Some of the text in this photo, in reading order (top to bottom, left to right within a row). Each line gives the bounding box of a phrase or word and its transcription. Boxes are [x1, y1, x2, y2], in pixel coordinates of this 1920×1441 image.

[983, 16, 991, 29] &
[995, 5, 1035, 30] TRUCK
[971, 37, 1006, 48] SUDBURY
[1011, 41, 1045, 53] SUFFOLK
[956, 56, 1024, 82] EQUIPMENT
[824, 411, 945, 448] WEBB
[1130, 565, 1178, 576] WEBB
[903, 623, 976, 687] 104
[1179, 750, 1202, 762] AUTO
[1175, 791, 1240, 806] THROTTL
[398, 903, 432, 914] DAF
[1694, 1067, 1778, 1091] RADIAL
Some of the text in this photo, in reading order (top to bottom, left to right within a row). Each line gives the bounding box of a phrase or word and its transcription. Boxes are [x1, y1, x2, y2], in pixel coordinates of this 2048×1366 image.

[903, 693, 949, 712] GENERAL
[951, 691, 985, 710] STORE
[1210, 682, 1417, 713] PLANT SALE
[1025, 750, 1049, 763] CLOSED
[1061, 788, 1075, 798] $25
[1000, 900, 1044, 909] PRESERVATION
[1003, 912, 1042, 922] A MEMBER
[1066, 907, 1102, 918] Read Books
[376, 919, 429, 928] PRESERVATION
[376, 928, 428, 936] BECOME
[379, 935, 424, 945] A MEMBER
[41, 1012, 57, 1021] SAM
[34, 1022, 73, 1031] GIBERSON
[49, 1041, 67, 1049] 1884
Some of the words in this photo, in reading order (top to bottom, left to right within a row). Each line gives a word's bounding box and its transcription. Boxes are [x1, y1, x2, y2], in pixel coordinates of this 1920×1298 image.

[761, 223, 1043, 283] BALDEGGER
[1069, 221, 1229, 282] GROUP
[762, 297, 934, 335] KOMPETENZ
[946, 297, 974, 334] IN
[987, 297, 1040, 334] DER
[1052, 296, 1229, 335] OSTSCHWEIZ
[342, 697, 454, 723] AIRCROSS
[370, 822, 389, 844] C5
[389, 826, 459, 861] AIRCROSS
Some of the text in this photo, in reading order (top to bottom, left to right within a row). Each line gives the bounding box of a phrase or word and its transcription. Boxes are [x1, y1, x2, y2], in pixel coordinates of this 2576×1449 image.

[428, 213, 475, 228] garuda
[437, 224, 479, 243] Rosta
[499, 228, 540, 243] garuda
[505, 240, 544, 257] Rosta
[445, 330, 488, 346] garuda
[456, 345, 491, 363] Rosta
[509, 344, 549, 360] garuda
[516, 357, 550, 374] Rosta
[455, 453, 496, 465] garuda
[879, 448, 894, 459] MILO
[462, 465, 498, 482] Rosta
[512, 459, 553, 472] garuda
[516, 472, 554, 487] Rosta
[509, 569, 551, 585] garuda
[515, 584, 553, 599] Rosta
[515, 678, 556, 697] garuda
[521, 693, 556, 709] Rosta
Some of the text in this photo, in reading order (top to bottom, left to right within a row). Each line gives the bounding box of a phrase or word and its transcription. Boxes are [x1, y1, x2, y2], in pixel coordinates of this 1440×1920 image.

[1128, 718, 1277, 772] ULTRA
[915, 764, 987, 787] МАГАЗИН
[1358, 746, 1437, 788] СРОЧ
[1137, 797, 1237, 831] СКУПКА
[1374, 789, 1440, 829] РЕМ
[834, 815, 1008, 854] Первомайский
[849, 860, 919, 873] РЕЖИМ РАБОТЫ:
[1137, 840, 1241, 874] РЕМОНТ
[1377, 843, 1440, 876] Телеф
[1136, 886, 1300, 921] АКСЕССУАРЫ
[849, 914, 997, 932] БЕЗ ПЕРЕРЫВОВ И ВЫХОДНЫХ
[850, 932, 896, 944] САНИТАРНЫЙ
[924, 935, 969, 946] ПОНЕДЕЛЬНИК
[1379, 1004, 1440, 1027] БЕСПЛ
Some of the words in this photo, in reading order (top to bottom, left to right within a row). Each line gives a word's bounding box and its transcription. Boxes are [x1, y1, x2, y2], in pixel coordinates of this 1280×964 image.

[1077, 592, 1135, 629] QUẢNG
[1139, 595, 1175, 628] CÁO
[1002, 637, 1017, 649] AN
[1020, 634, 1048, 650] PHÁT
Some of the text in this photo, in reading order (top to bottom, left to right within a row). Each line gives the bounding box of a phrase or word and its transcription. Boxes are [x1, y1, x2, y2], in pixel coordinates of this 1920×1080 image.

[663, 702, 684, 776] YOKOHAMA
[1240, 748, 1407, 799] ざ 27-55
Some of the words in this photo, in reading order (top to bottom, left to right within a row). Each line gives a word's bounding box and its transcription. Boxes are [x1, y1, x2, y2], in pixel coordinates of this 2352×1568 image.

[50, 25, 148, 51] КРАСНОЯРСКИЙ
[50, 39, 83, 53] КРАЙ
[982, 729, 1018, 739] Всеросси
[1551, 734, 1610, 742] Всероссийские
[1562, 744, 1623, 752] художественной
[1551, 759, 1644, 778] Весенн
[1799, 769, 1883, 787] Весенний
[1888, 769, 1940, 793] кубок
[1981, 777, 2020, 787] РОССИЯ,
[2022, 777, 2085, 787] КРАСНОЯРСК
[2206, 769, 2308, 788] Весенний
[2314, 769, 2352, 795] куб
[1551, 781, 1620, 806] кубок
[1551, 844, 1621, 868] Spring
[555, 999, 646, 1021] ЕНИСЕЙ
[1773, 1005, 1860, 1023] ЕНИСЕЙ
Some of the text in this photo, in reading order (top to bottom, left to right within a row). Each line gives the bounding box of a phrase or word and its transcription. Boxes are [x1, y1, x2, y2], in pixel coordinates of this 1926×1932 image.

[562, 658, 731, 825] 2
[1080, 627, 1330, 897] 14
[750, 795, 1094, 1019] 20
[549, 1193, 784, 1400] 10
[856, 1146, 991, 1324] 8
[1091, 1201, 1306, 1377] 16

◆ ◆ ◆ ◆

WHAT THE EXERCISE ASKS - Reproduce the lines of the entries above exactly, but only from the line containing "this 1280×964 image." through the final line.

SOLUTION TO THIS TASK -
Some of the words in this photo, in reading order (top to bottom, left to right within a row). Each line gives a word's bounding box and its transcription. Boxes are [x1, y1, x2, y2], in pixel coordinates of this 1280×964 image.

[1077, 592, 1135, 629] QUẢNG
[1139, 595, 1175, 628] CÁO
[1002, 637, 1017, 649] AN
[1020, 634, 1048, 650] PHÁT
Some of the text in this photo, in reading order (top to bottom, left to right within a row). Each line gives the bounding box of a phrase or word and its transcription. Boxes are [x1, y1, x2, y2], in pixel coordinates of this 1920×1080 image.

[663, 702, 684, 776] YOKOHAMA
[1240, 748, 1407, 799] ざ 27-55
Some of the words in this photo, in reading order (top to bottom, left to right within a row). Each line gives a word's bounding box and its transcription. Boxes are [x1, y1, x2, y2], in pixel coordinates of this 2352×1568 image.

[50, 25, 148, 51] КРАСНОЯРСКИЙ
[50, 39, 83, 53] КРАЙ
[982, 729, 1018, 739] Всеросси
[1551, 734, 1610, 742] Всероссийские
[1562, 744, 1623, 752] художественной
[1551, 759, 1644, 778] Весенн
[1799, 769, 1883, 787] Весенний
[1888, 769, 1940, 793] кубок
[1981, 777, 2020, 787] РОССИЯ,
[2022, 777, 2085, 787] КРАСНОЯРСК
[2206, 769, 2308, 788] Весенний
[2314, 769, 2352, 795] куб
[1551, 781, 1620, 806] кубок
[1551, 844, 1621, 868] Spring
[555, 999, 646, 1021] ЕНИСЕЙ
[1773, 1005, 1860, 1023] ЕНИСЕЙ
Some of the text in this photo, in reading order (top to bottom, left to right within a row). Each line gives the bounding box of a phrase or word and its transcription. Boxes are [x1, y1, x2, y2], in pixel coordinates of this 1926×1932 image.

[562, 658, 731, 825] 2
[1080, 627, 1330, 897] 14
[750, 795, 1094, 1019] 20
[549, 1193, 784, 1400] 10
[856, 1146, 991, 1324] 8
[1091, 1201, 1306, 1377] 16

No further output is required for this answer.